Il lavoro aggredito

1 Maggio 2017

Foto Roberto Pili – Industria

Amedeo Spagnuolo

L’aggressione al mondo del lavoro e all’unità dei lavoratori, autentiche forze di progresso e di cambiamento sta assumendo in questi ultimi anni dimensioni a dir poco preoccupanti. Isolare i lavoratori significa renderli deboli e quindi facilmente manipolabili e ricattabili, proprio per questo oggi l’obiettivo principale dei poteri forti dell’economia internazionale sono proprio gli organismi associativi dei lavoratori.

Se, però, i lavoratori “garantiti” riescono ancora a opporsi a tale aggressione grazie a una qualche forma di resistenza che ancora sopravvive, ma che scricchiola pericolosamente a causa del grave arretramento delle forze sindacali tradizionali burocratizzate, allora il moloch capitalista, attraverso le forze politiche reazionarie e populiste, comincia ad aggredire partendo dai più deboli, da quei lavoratori meno tutelati o non tutelati per niente ovvero cominciando dai precari, dalle donne, dai migranti.
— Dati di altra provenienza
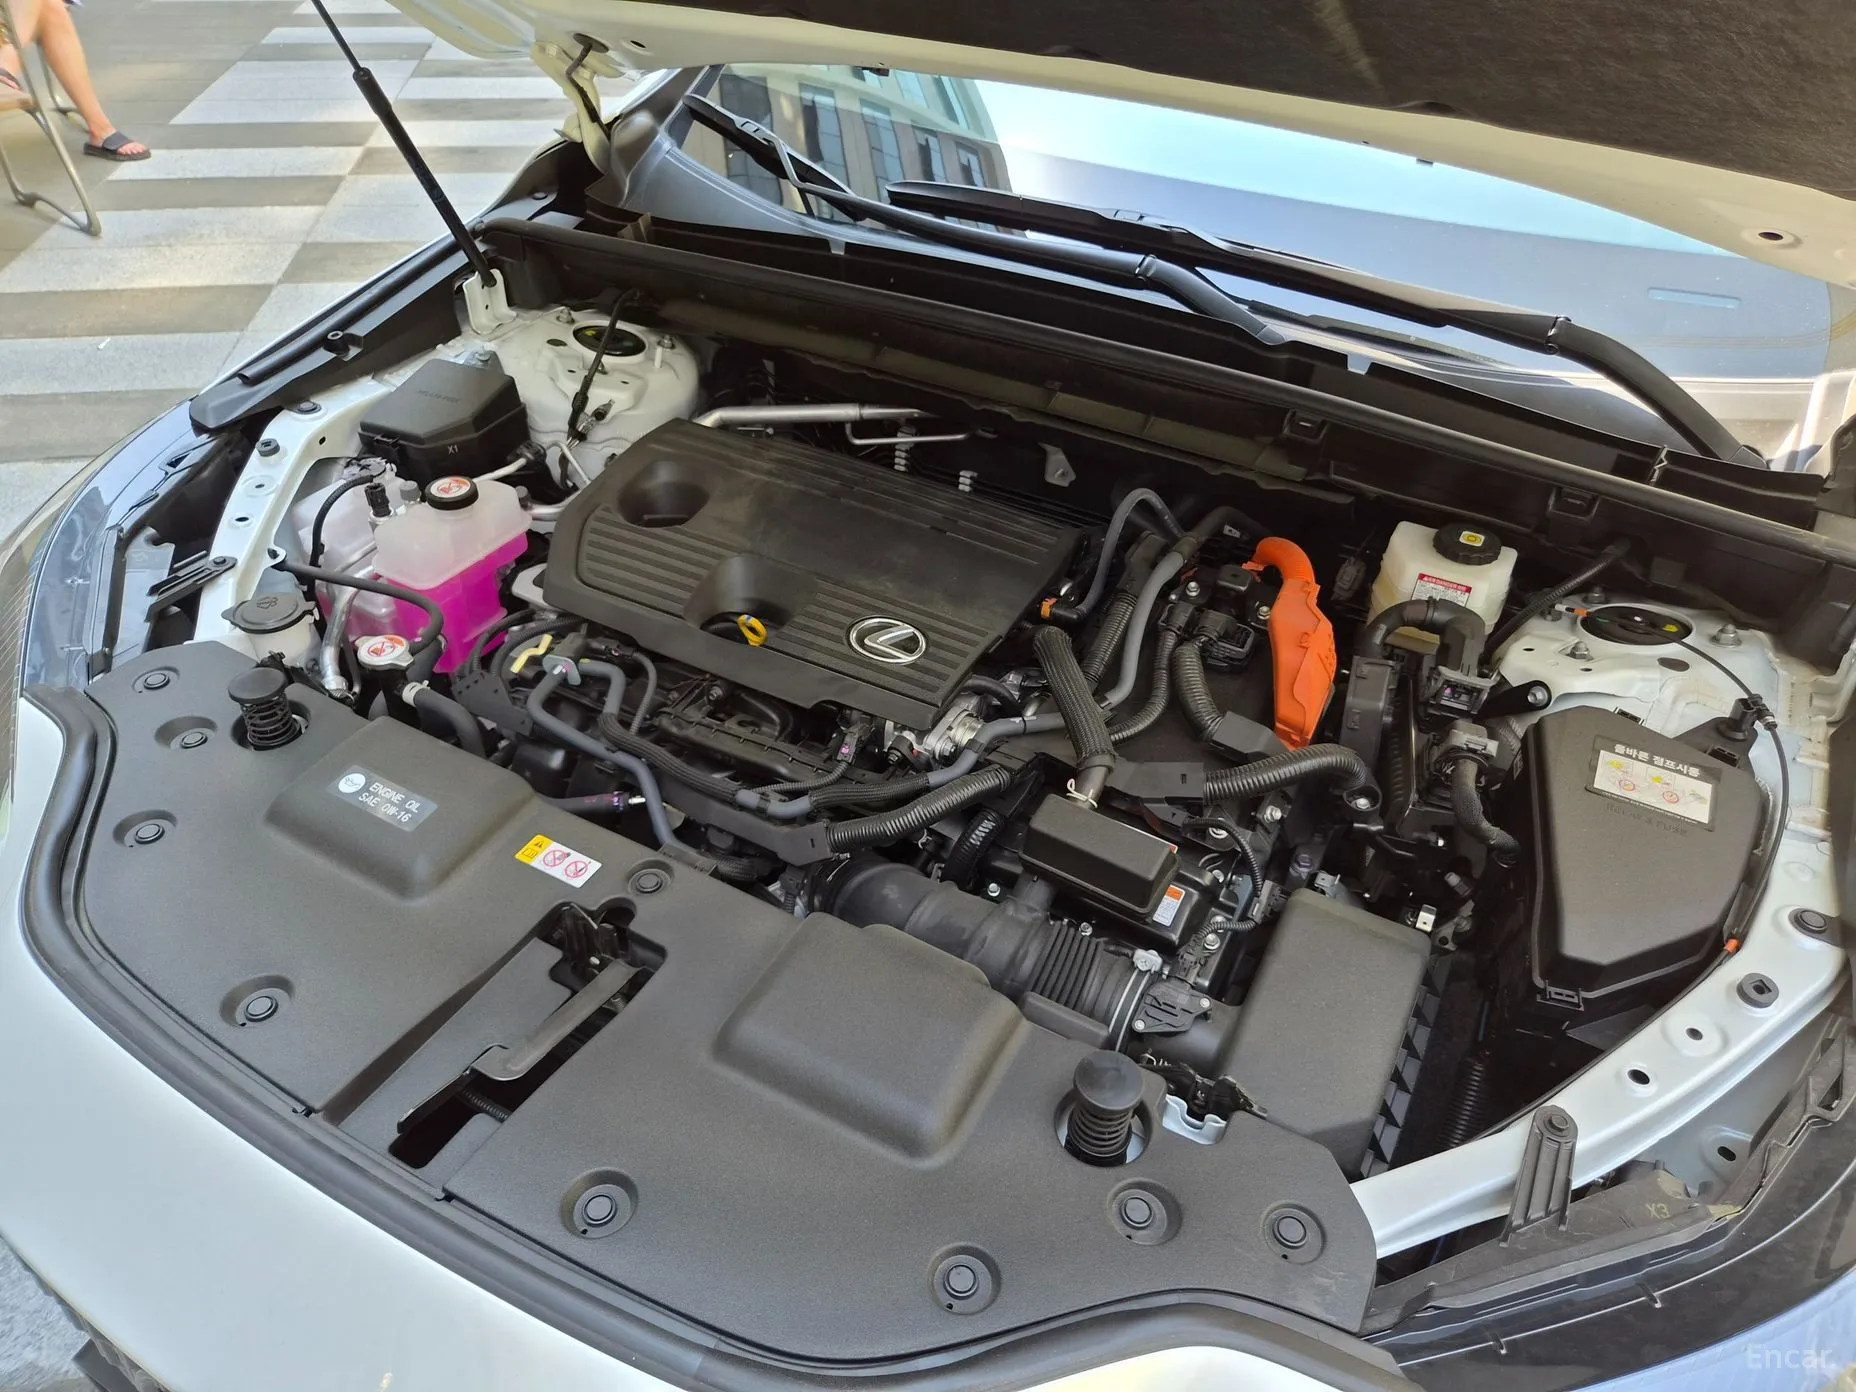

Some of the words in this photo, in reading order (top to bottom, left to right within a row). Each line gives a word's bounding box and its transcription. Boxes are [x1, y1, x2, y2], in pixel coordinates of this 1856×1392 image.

[447, 444, 459, 455] X1
[1652, 755, 1701, 778] 점프시동
[358, 792, 381, 807] SAE
[381, 803, 412, 823] 0W-16
[368, 781, 406, 804] ENGINE
[405, 799, 422, 813] OIL
[1645, 1202, 1671, 1220] X3
Il senso di tale aggressione nei confronti di questi lavoratori deboli è, tra le altre cose, quello d’insinuare il dubbio e la paura tra tutti i lavoratori anche quelli che si sentono ancora tutelati solo perché iscritti a un sindacato che però sempre più spesso protegge più i privilegi dei suoi dirigenti piuttosto che i diritti dei suoi iscritti.

Che fare? Innanzitutto creare occasioni sempre più frequenti per far incontrare di nuovo i lavoratori, in modo che sia possibile tornare a discutere, a sviluppare riflessioni su temi caldi e importanti come ad esempio il reddito di cittadinanza che non può più aspettare essendo uno strumento essenziale per ridare dignità all’individuo che un lavoro non ce l’ha ma che intende trovarlo con un minimo di serenità e cercando di sfruttare le sue capacità.

La scomparsa del lavoro non significa semplicemente la perdita dalla propria sfera esistenziale di un impiego che garantisce un reddito. Non avere un lavoro significa non esistere giacché il lavoro porta con sé diritti, garanzie, uno stato sociale, tutte caratteristiche che non erano previste prima delle conquiste del movimento dei lavoratori poiché in precedenza il lavoratore era sfruttato e quindi senza diritti.

Quello che le forze neocapitaliste stanno tentando di fare è proprio questo, tornare lentamente a una visione ottocentesca e paternalistica del lavoro, esso deve tornare a essere una concessione non un diritto e in tal senso non deve includere diritti e garanzie ma solo sacrifici, doveri e sfruttamento.

Tutto il mondo del lavoro è sotto attacco, ma più di tutte a soffrire sono quelle categorie di lavoratori poco o per niente tutelati ed è proprio da queste che bisogna partire, dalle categorie più deboli perché solo in questo modo sarà possibile superare le odierne barriere tra i cosiddetti lavoratori “garantiti” e i lavoratori “deboli”, barriere che ad arte sono state innalzate subdolamente dalle forze del capitale per dividere, come si diceva poc’anzi, i lavoratori. Il capitalismo, che è sempre stato “selvaggio”, è stato però aiutato in questo processo involutivo, dai finti partiti di sinistra e dagli ancora più finti sindacati che si sono resi corresponsabili dello sfascio economico – sociale della classe lavoratrice.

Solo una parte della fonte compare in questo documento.